_Task goal_
Everything in the listing below has to be repeated exactly, except the pictures.

_Records for processing_
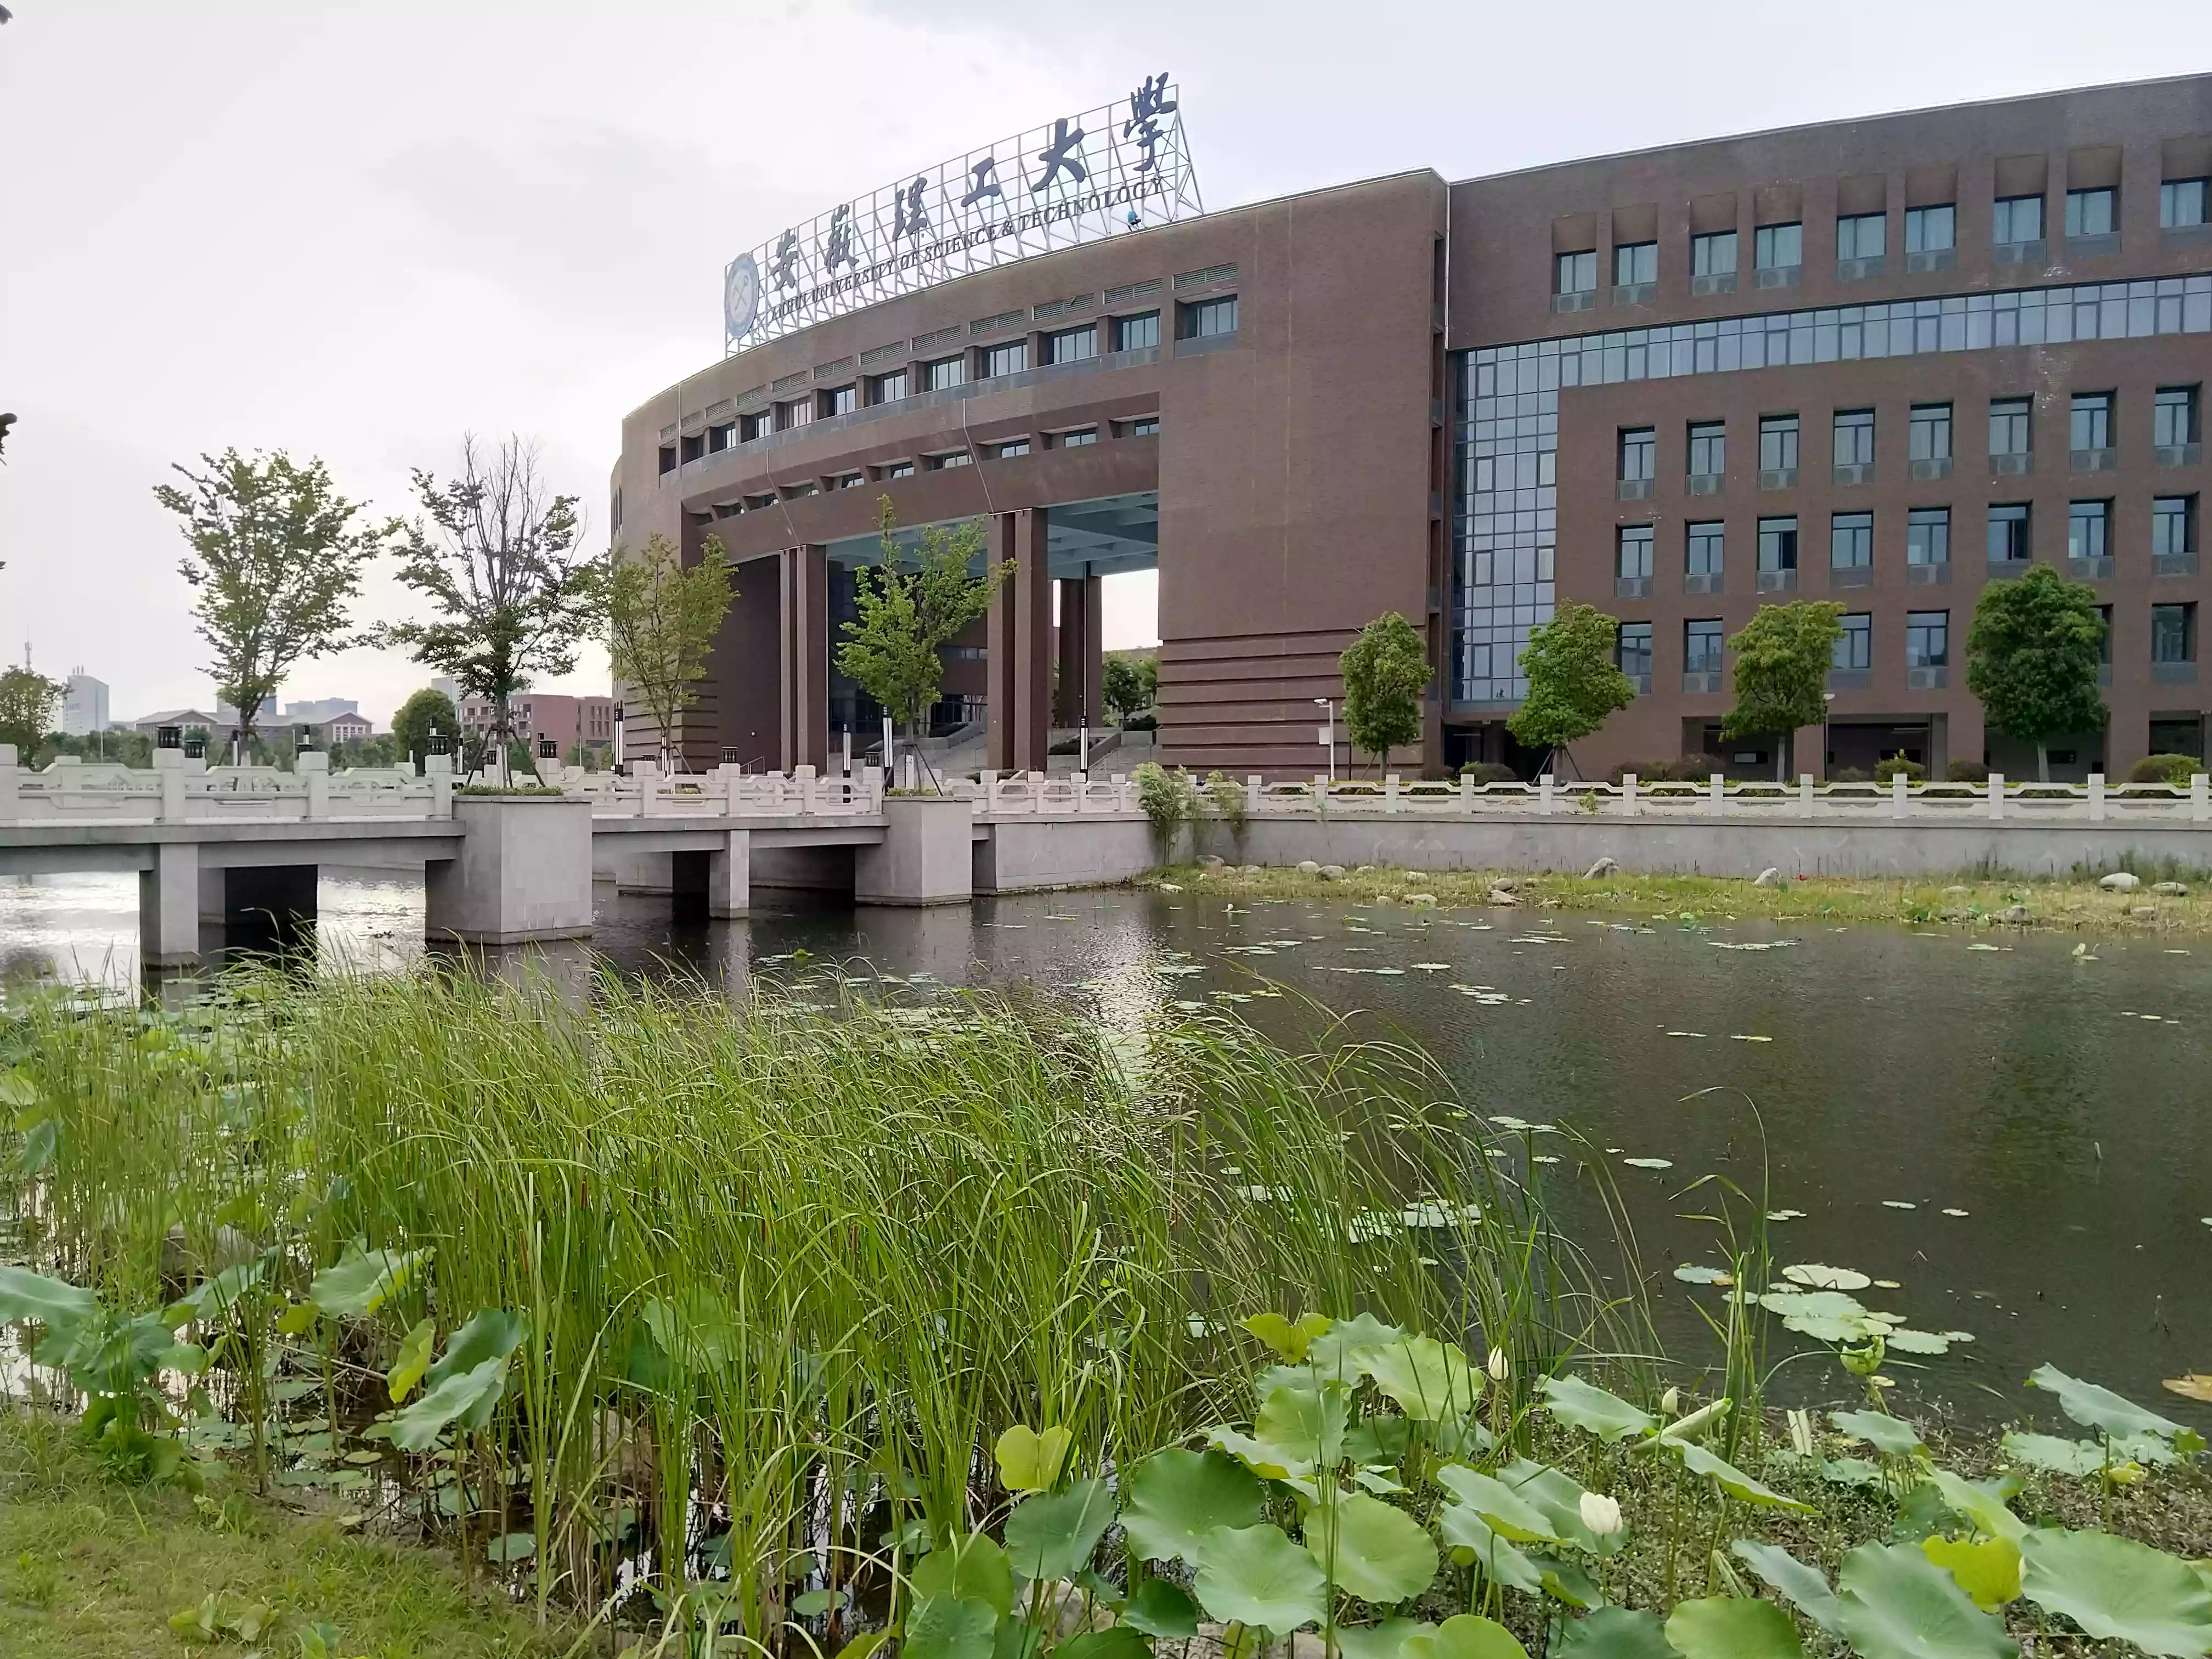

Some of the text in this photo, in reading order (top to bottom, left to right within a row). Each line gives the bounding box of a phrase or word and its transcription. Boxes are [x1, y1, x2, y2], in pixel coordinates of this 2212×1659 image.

[811, 260, 895, 302] UNIVERSITY
[900, 250, 919, 269] OF
[924, 224, 997, 262] SCIENCE
[1002, 219, 1015, 236] &
[1018, 176, 1164, 230] TECHNOLOGY

_Written solution_
Some of the text in this photo, in reading order (top to bottom, left to right within a row). Each line gives the bounding box of a phrase or word and its transcription. Boxes are [x1, y1, x2, y2], in pixel coordinates of this 2212×1659 image.

[811, 260, 895, 302] UNIVERSITY
[900, 250, 919, 269] OF
[924, 224, 997, 262] SCIENCE
[1002, 219, 1015, 236] &
[1018, 176, 1164, 230] TECHNOLOGY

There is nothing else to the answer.